As the three young women told their story at the police station, their hearers, increasing from three to eight men and two policewomen, marveled at what they heard. They could not get over it that two of these young women had talked about the Bible to a would-be rapist. One of the women officers asked for more information about the beliefs of Jehovah's witnesses and stated that if more women took such a determined and firm stand there would be fewer such crimes.
Why the Increase?
The foregoing experience in a Brooklyn hotel last November is but one instance of this social crime that is increasing on every hand. And that increase is very real. As the editor of America's Campus Law Enforcement Journal said about this increase: "It's not just a question of more women reporting it. It has happened."
No doubt one of the main reasons for rapes has ever been the extreme selfishness of men who refuse to control their mating instinct. As Dr. Ralph Garofalo, of Massachusetts' Center for Diagnosis and Treatment of Sexually Dangerous Persons, put it: 'Normal men find a socially acceptable outlet for their desires, while the rapist loses sight of all moral or legal considerations.' But why the great increase of rape in modern times and in recent years?
Discussing the reasons, a Seattle, Washington, police official in charge of the city's sex-crime investigation department stated: "Our whole moral climate, our attitudes toward sex and the dress of the women have to be causes." He also stated that the 'increased exposure to pornography has contributed to the rise in reported rapes.'
Womankind must share the blame. To begin with, until the age of five or six years, the most vital period, little boys have their personalities molded largely by women, their mothers. And as they grow up, it is usually the mother that has the most opportunities to inculcate in her son respect for womankind, both by word and by example. But far too many mothers have come short in this regard. Especially and specifically blameworthy are those female relatives, such as an aunt or even a mother, who have used boys as sexual playthings, thereby starting them on a road that leads to their having aggressive feelings toward women.

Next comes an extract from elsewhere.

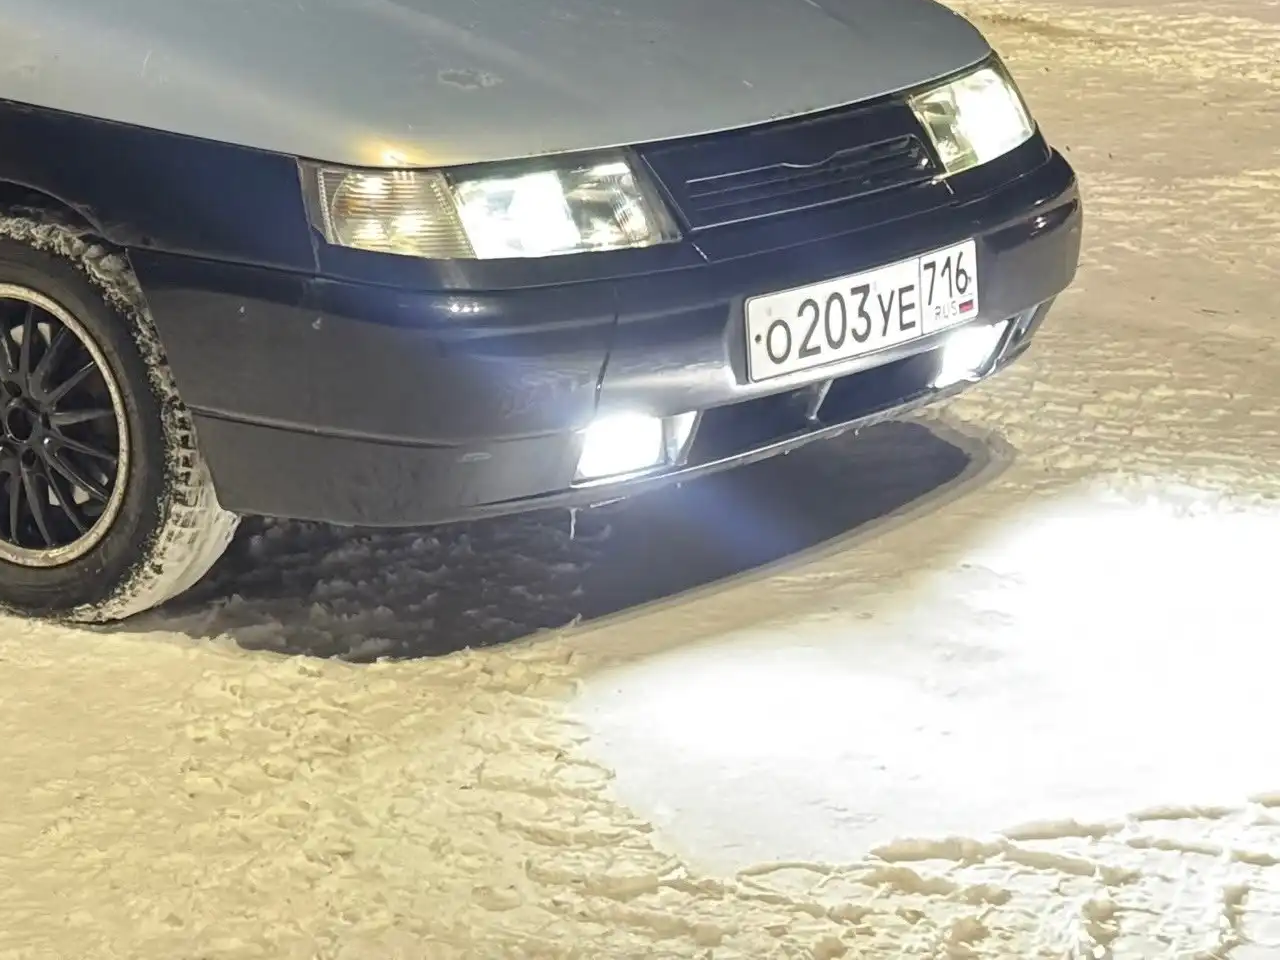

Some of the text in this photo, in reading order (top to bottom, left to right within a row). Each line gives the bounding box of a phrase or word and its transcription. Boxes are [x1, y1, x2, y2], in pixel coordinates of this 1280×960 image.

[766, 251, 970, 364] О203УЕ 716
[935, 300, 958, 321] RUS

A new American motion picture star who aims to occupy the place once held by America's previous sex symbol brags about her charms and about her ability to arouse men by displaying herself in motion pictures. Such actresses must also share in the blame for the increase in rapes, for after men have seen them on the screen they frequently go out and attack a woman who may be a paragon of virtue. ...
The New York Times, November 26, 1973, told of two fifteen-year-old girls being forced, shortly after midnight, into a store by an employee of the store who kept them for four hours and repeatedly raped one of them until the police came and rescued the girls and arrested the kidnapper and rapist. But what business did two teen-age girls have on the streets around midnight?

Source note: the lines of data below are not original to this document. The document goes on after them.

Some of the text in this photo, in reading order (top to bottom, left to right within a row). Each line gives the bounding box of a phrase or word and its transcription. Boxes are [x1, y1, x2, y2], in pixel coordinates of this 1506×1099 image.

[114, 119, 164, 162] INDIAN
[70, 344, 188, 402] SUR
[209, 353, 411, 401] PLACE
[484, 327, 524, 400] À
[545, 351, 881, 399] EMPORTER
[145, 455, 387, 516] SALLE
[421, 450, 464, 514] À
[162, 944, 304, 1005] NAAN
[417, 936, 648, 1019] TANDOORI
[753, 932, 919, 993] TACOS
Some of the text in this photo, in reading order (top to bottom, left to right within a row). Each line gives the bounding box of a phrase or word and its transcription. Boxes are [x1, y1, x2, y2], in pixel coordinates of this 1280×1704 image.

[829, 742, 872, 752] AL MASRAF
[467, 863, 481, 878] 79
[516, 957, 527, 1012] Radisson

And never should a single woman, or even two, for that matter, take a chance on hitchhiking with a strange man. Many have done so, to be not only raped, but even murdered.
Further, in view of the way that many men think, each virtuous woman should be careful to dress modestly. According to the Seattle, Washington, police lieutenant in charge of the department dealing with such crimes, women who "reveal everything" in the way they dress make themselves more vulnerable to rape. "You can't advertise a commodity and expect no buyers . . . A little modesty," he holds, would prevent some rapes.
Watchtower 1980 October 15 p.7 Avoiding the Tragedy of Rape
Back in March 1974, Awake! magazine described how a man with a gun had held two of Jehovah's Witnesses prisoner in a hotel room. As he reached for the zipper on one girl's blouse, she exclaimed: "No! No! Not that!" She told him that if he touched her she would scream as he had never heard anyone scream before. She explained that if she did not she would ruin her relationship with Jehovah God and the Christian congregation. (Compare Deuteronomy 22:22-29.) Her firm demand: "Don't you touch me or come near me" kept the rapist at bay.
This woman did the Scripturally proper thing, which actually is the best thing to do. A Christian woman is under obligation to resist, for the issue of obedience to God's law to "flee from fornication" is involved. (1 Cor. 6:18) By no means would it be proper for her willingly to submit to being raped.
Awake! 1984 February 22 pp.24-7 They Resisted Rapists
GENERALLY rapists try to get a woman in some isolated place where people are not around. At times they have a weapon and threaten to use it if the victim does not cooperate. Should a Christian quietly submit?
No, the situation is not the same as when a man simply is asking for money or other material possessions. A woman wisely would give him these. But the rapist is asking a person to break God's law by committing fornication. Under such circumstances a Christian is obligated to resist. -1 Corinthians 6:18.
'But could not resistance be dangerous?' someone may ask. Yes, it could be. Yet it may well be more dangerous not to resist, as a teacher of rape self-defense notes: "He just may kill you when he's done so you can't identify him later."
The comments of a leading spokeswoman on rape are noteworthy. She said: "Despite the popular myths of male violence and the alleged safety in submission, it has never been demonstrated that resistance on the part of a rape victim in an attempt to escape 'provokes' an assailant to commit an act of murder." The following experience illustrates this.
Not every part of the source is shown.